Sur cette scène qui a tout pour s’affirmer définitivement sinistre et blafarde, mais que pourtant illuminent les ferveurs d’un gamin en rupture de ban, d’un fuyard irakien ou d’un inventif réparateur africain, un incendie criminel servira de révélateur ponctuel à la noirceur qui rôde partout, traquée en l’espèce par un jeune pompier subtil, bienveillant et pudique. Une histoire simple, en 200 pages et 90 brefs fragments jetés à la face de ces « cités mortes » et « paradis infernaux » dépeints et analysés par Mike Davis, mais une histoire transfigurée et rendue puissante par l’invention d’un langage rare, celui de ces humbles jetés ou réfugiés là, à la parole souvent économe et sibylline, à la capacité hors du commun, justement, à « serrer les dents » sur la peine, la douleur et le malheur, à exprimer leur vie en de curieuses paraboles agrégeant légendes urbaines, bribes poétiques spontanées et création de leurs propres mythes quotidiennement salvateurs.

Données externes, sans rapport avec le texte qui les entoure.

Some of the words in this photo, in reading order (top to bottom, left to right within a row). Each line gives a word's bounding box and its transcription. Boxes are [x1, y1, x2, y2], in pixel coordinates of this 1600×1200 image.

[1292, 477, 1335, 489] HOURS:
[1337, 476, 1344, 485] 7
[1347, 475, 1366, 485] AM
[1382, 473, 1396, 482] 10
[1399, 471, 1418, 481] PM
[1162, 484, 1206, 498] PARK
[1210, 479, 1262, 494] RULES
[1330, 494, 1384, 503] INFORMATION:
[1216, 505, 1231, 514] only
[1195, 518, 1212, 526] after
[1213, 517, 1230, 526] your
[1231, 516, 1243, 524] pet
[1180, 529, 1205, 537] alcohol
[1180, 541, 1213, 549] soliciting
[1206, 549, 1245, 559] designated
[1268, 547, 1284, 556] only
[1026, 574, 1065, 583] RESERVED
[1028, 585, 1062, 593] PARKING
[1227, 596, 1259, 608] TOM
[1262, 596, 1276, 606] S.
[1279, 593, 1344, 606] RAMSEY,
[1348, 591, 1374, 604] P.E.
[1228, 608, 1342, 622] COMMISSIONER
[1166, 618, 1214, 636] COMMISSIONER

Une magnifique fable, terriblement contemporaine, qui extrait de la bienveillance, de la solidarité et de la poésie du plus improbable et mortifère des matériaux glacés de la modernité.

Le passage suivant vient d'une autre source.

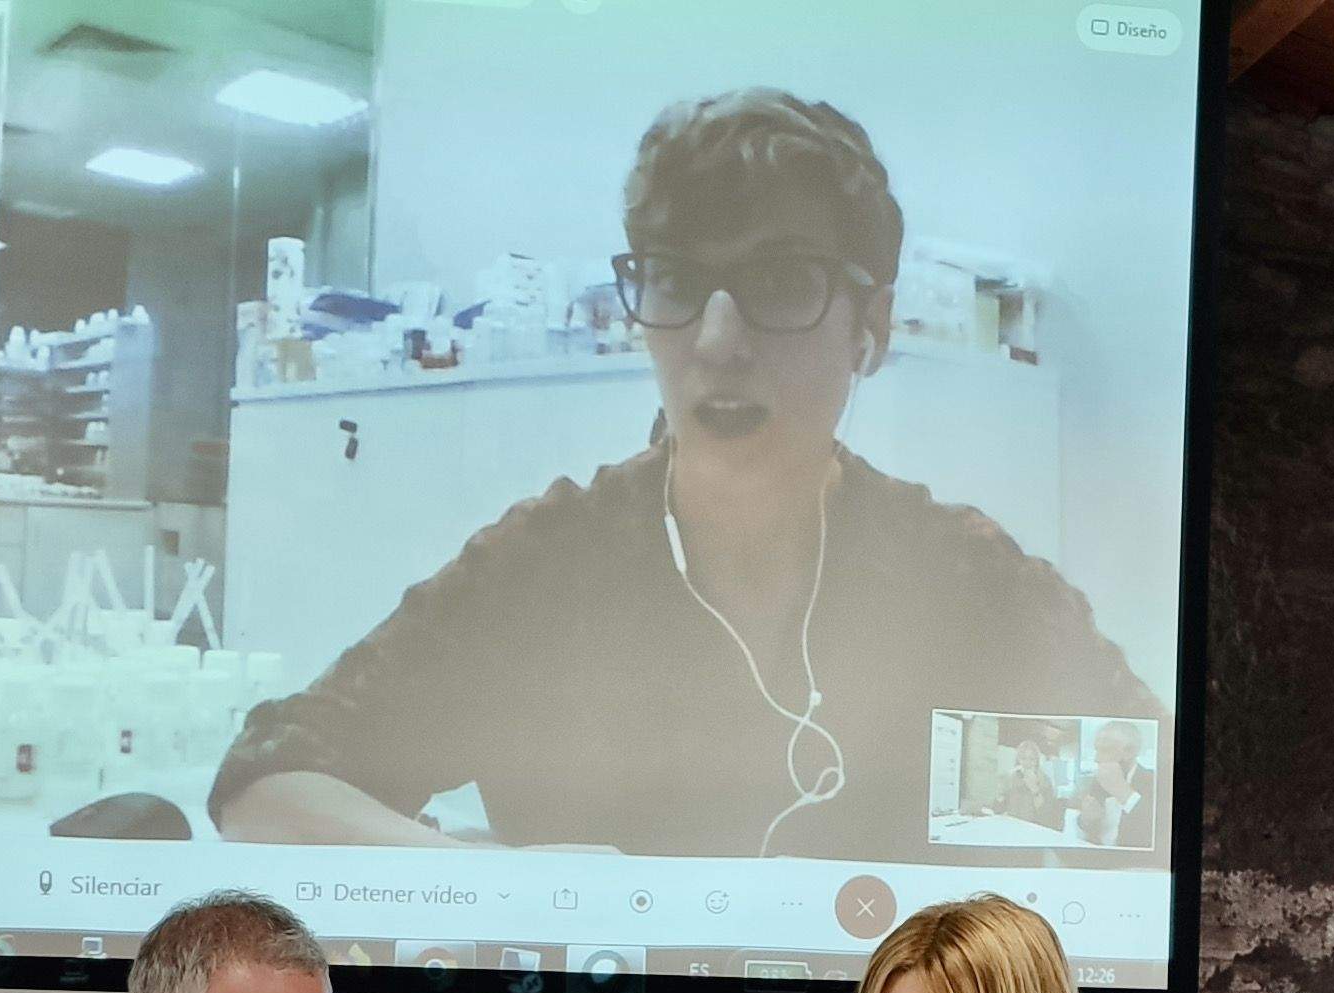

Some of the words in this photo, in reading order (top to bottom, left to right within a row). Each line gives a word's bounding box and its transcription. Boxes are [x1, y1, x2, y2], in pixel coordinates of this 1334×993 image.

« À présent, il s’arrête. Tu vois que c’est un chien, un mâle, facile à désosser : il suffirait d’un couteau qui coupe bien, ceux pour la viande. Un chien côtelette, oreille, cou. Un chien queue effilée, droite. Il arrache quelque chose du sol, il tire dessus comme si c’était un bout de tissu, un chiffon, un jeu. Tu observes plus attentivement, il continue de tirer sur l’objet, de le lacérer avec ses dents blanches. Il déchiquette, se démène, éclaboussures jaunes et museau gras. Tu le vois chien, mais tu le sens homme. Pas tant dans l’apparence que dans ses prédispositions. Cette façon qu’il a de chercher sans arrêt. Seul et silencieux. Tu t’approches doucement, de sorte qu’il ne t’entende pas. Il s’arrête et, sans même avoir bougé les yeux, il t’a déjà perçu. Il a senti ton odeur parmi les odeurs. C’est dans sa nature, qui ne plie pas, ne succombe pas face aux décombres, aux ruines, aux gravats, aux déchets, aux restes et aux rebuts qui t’entourent. La faim est encore là. Ça n’a servi à rien, ce bout de repas arraché à la terre, à ce tas indistinct, pas même à remplir un peu ce ventre besace, ni à réveiller son odorat. Son instinct lui ordonne de chercher encore de la nourriture. Pas d’aller se mettre à l’abri ni de trouver un partenaire sexuel. »

 

Quatrième de couverture

Dans une gigantesque décharge, en Italie, un groupe d’adultes et d’adolescents survivent en triant des déchets qu’ils recyclent, réparent et vendent. Il y a Iac, en rupture avec sa famille, Lira Funesta qui parle trop, Saddam le Turc qui lance l’appel à la prière du sommet d’un monticule de déchets, et Argos, le géant zimbabwéen. Il y a aussi le Vieux, toujours endormi sous sa couverture. Autour d’eux gravitent Silvia, fille d’un grand chirurgien esthétique, et Lorenzo, le pompier qui veut le bien de tous. La survie de la petite communauté va être mise en péril par la découverte de déchets toxiques, qui n’auraient jamais dû se trouver là… Véritable microcosme, la décharge, lieu de vie, de transit et de trafics, est un personnage à part entière de Corps à l’écart.